**The task**
Only the text of the records belongs in the answer, copied exactly, with every picture omitted.

**Data for this exercise**

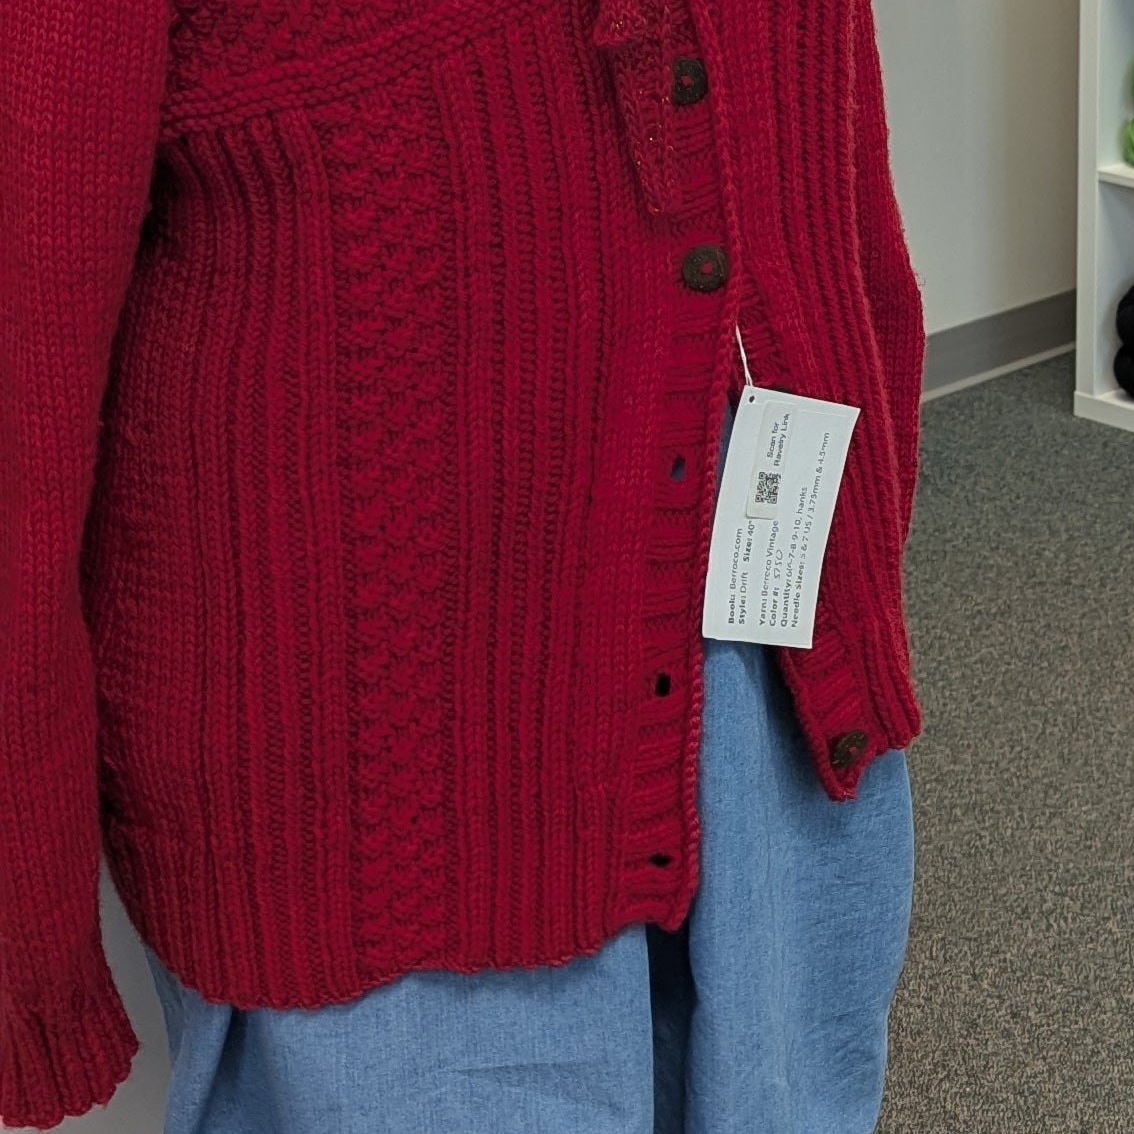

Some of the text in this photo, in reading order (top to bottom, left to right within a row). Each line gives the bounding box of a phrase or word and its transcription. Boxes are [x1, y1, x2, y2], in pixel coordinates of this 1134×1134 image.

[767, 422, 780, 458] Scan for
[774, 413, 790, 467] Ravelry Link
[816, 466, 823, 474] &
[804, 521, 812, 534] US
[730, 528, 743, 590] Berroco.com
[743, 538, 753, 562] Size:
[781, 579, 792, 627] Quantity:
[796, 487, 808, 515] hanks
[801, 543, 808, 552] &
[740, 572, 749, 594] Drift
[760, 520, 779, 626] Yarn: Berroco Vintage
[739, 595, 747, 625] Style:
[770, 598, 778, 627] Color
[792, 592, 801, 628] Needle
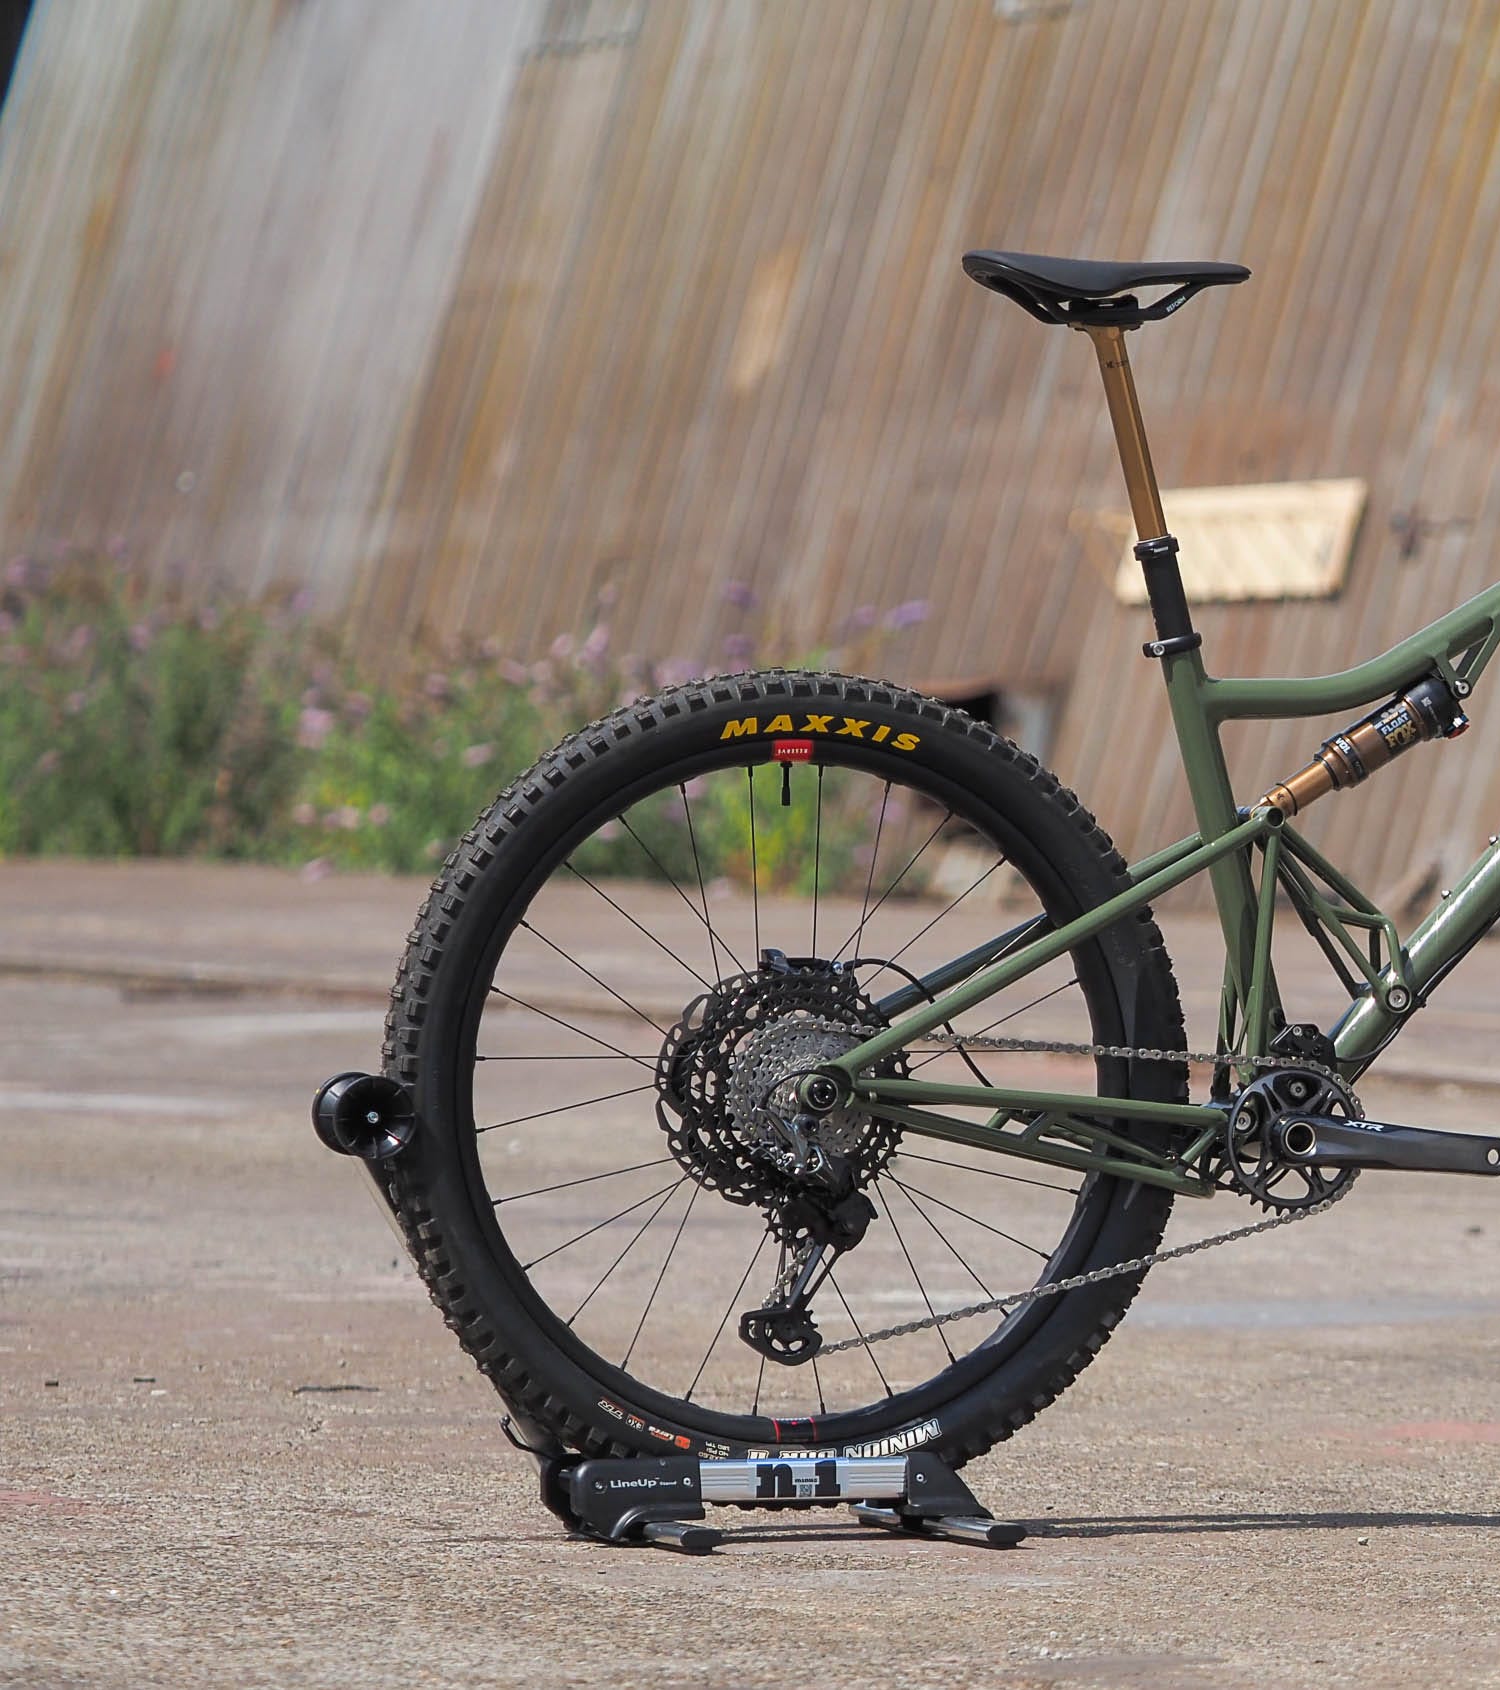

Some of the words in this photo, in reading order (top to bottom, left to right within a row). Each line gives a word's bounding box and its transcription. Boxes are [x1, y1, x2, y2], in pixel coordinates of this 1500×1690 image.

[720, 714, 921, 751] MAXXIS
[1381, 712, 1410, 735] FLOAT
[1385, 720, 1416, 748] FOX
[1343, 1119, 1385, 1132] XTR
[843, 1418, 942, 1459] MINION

**Final answer**
Some of the text in this photo, in reading order (top to bottom, left to right within a row). Each line gives the bounding box of a phrase or word and its transcription. Boxes are [x1, y1, x2, y2], in pixel coordinates of this 1134×1134 image.

[767, 422, 780, 458] Scan for
[774, 413, 790, 467] Ravelry Link
[816, 466, 823, 474] &
[804, 521, 812, 534] US
[730, 528, 743, 590] Berroco.com
[743, 538, 753, 562] Size:
[781, 579, 792, 627] Quantity:
[796, 487, 808, 515] hanks
[801, 543, 808, 552] &
[740, 572, 749, 594] Drift
[760, 520, 779, 626] Yarn: Berroco Vintage
[739, 595, 747, 625] Style:
[770, 598, 778, 627] Color
[792, 592, 801, 628] Needle

Some of the words in this photo, in reading order (top to bottom, left to right within a row). Each line gives a word's bounding box and its transcription. Boxes are [x1, y1, x2, y2], in pixel coordinates of this 1500×1690 image.

[720, 714, 921, 751] MAXXIS
[1381, 712, 1410, 735] FLOAT
[1385, 720, 1416, 748] FOX
[1343, 1119, 1385, 1132] XTR
[843, 1418, 942, 1459] MINION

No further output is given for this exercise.